War Minister of the Islamic State of Iraq
- In office April 18, 2010 – February 24, 2011
- Preceded by: Abu Hamza al-Muhajir
- Succeeded by: Haji Bakr

Personal details
- Born: Neaman Salman Mansour al-Zaidi نيمان سلمان منصور الزيدي Rawa, Iraq
- Died: 24 February 2011 Hīt, Iraq
- Cause of death: Shot dead

Military service
- Allegiance: Islamic State of Iraq (October 2006 – February 2011)
- Years of service: Unknown–2011
- Battles/wars: Iraq War

= Abu Suleiman al-Naser =

War Minister of the Islamic State of Iraq (died 2011)

Nu'man Salman Mansour al-Zaidi (نعمان سلمان منصور الزيدي; died 24 February 2011), known as Abu Suleiman al-Naser (أبو سليمان الناصر), was the military commander or "Minister of War" of the militant group Islamic State of Iraq (ISI) during the Iraq War.

Little is known about Abu Suleiman. He is said to have been born into an ethnic Sunni Arab family in Rawah. He reportedly trained at a JTJ fighter camp in Rawa, Iraq, which was raided by US forces in 2003 and imprisoned at Camp Bucca. He succeeded Abu Ayyub al-Masri as Minister of War for the Islamic State of Iraq (ISI) on 18 April 2010 with Abu Bakr al-Baghdadi as its new emir, after al-Masri and ISI leader Abu Omar al-Baghdadi were killed in an operation by US and Iraqi forces in Tikrit. Abu Suleiman's appointment was announced in a statement in which he used the nom de guerre Al-Nasser Lideen Allah Abu Suleiman (الناصر لدين الله أبو سليمان), meaning "Defender of God’s Religion, Father of Suleiman". He is reported to have been a detainee at Camp Bucca prison, and served as the ISI's leader in Anbar Province under the nom de guerre Abu Ibrahim al-Ansari. Following his appointment as Minister of War for the Islamic State of Iraq, Abu Suleiman warned Iraqi Shia Muslims that "dark days soaked with blood lie ahead". On 14 May 2010, an attacker targeting Shiites detonated explosives hidden inside a vehicle in Tal Afar at the entrance to a football stadium, killing ten people and injuring 120 others.

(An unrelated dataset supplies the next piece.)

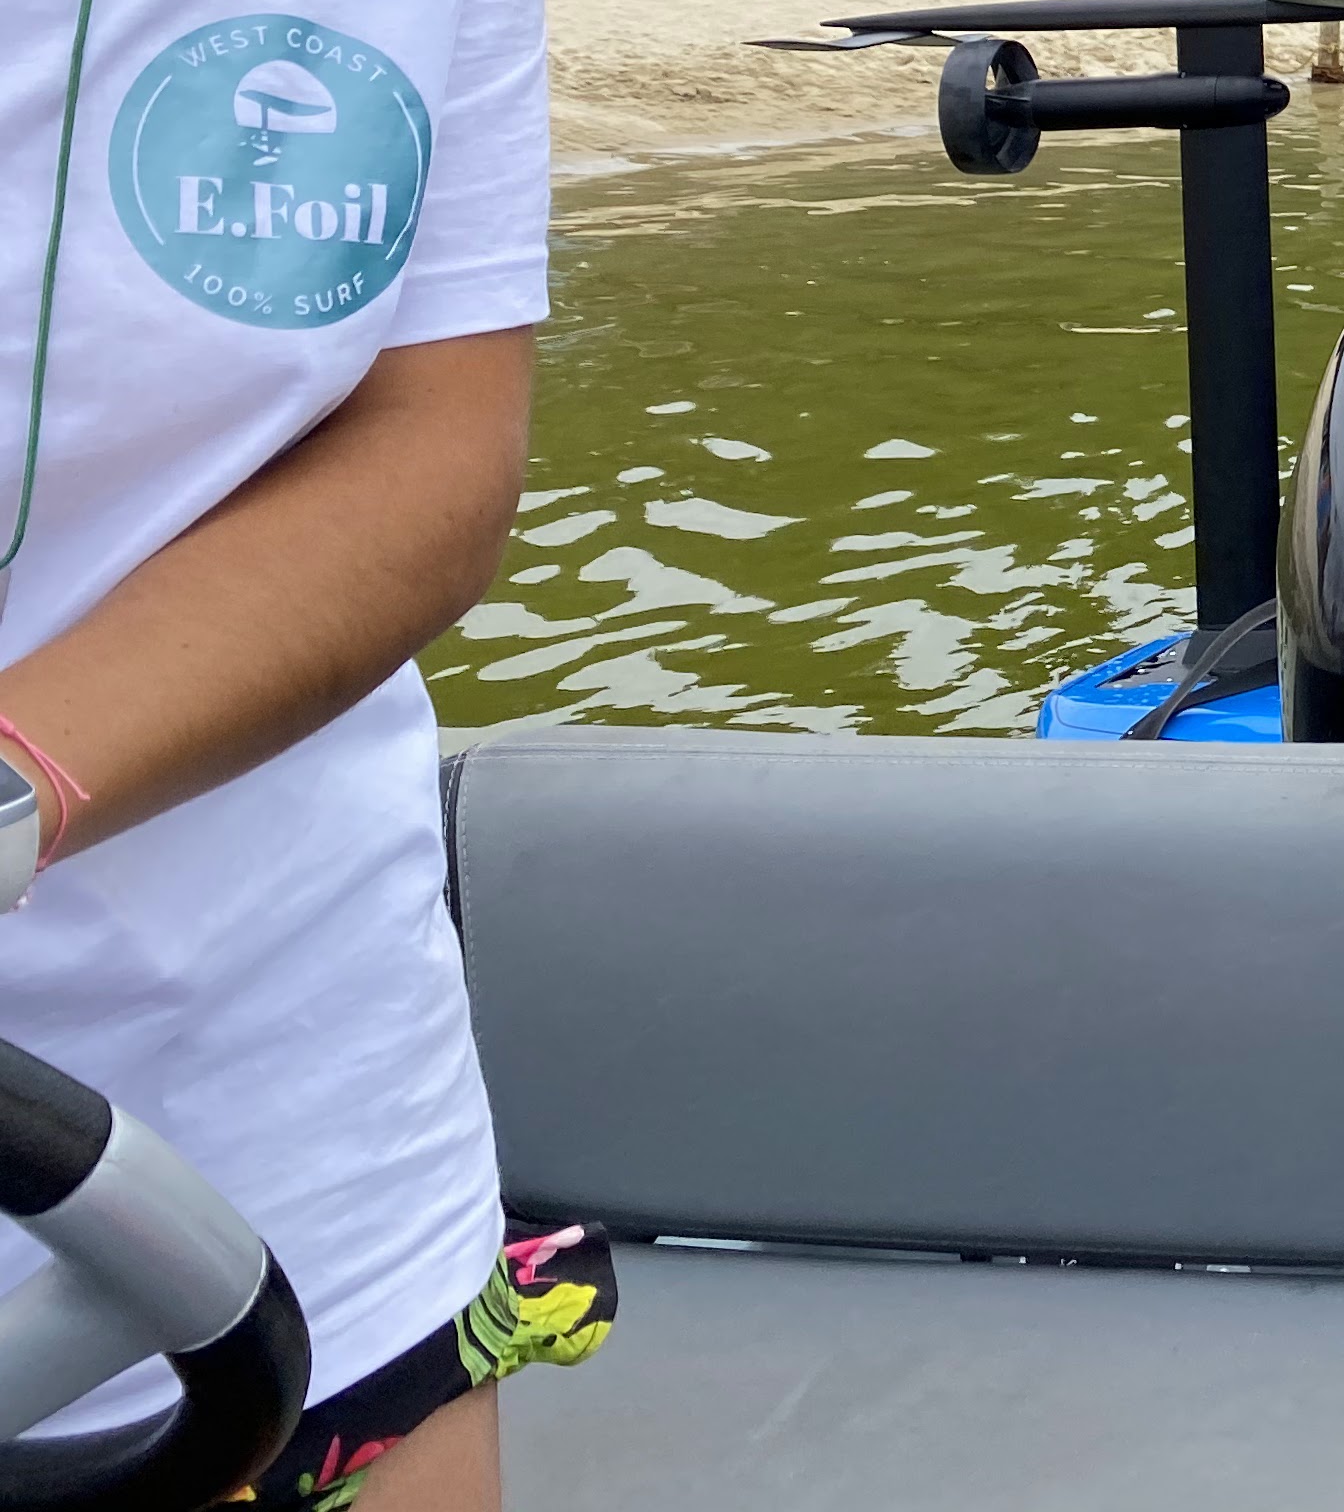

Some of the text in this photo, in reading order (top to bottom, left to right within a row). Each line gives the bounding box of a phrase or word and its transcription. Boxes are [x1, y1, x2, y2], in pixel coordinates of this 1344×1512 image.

Iraqi security forces claimed to have killed Abu Suleiman during a raid on 24 February 2011, in the city of Hīt, west of Baghdad. A month later, ISI denied that al-Naser was killed. However, ISI spokesman Abu Muhammad al-Adnani later confirmed al-Naser's death in August 2011.

A report by Al Jazeera's Center for Studies, and an analysis of IS's leadership structure by a purported insider, also confirmed that Abu Suleiman had in fact been killed in February 2011, and that following his death, the position of "War Minister" was replaced by a military council composed of former regime military officers under the leadership of Haji Bakr.

Shortly after the Norway attacks on July 22, 2011, it was reported by Karen J. Greenberg, executive director of the Center on Law and Security at New York University School of Law, that al-Naser was the leader of a group named Ansar al-Jihad al-Alami ("Helpers of the Global Jihad"), a Kurdistan-based affiliate of Al-Qaeda. The group issued a statement claiming responsibility as a retaliation for Norway’s military involvement in Afghanistan and "unspecified insults to the Prophet Muhammad". The actual perpetrator of the attacks was later identified as Anders Behring Breivik, a Norwegian far-right extremist who was acted alone.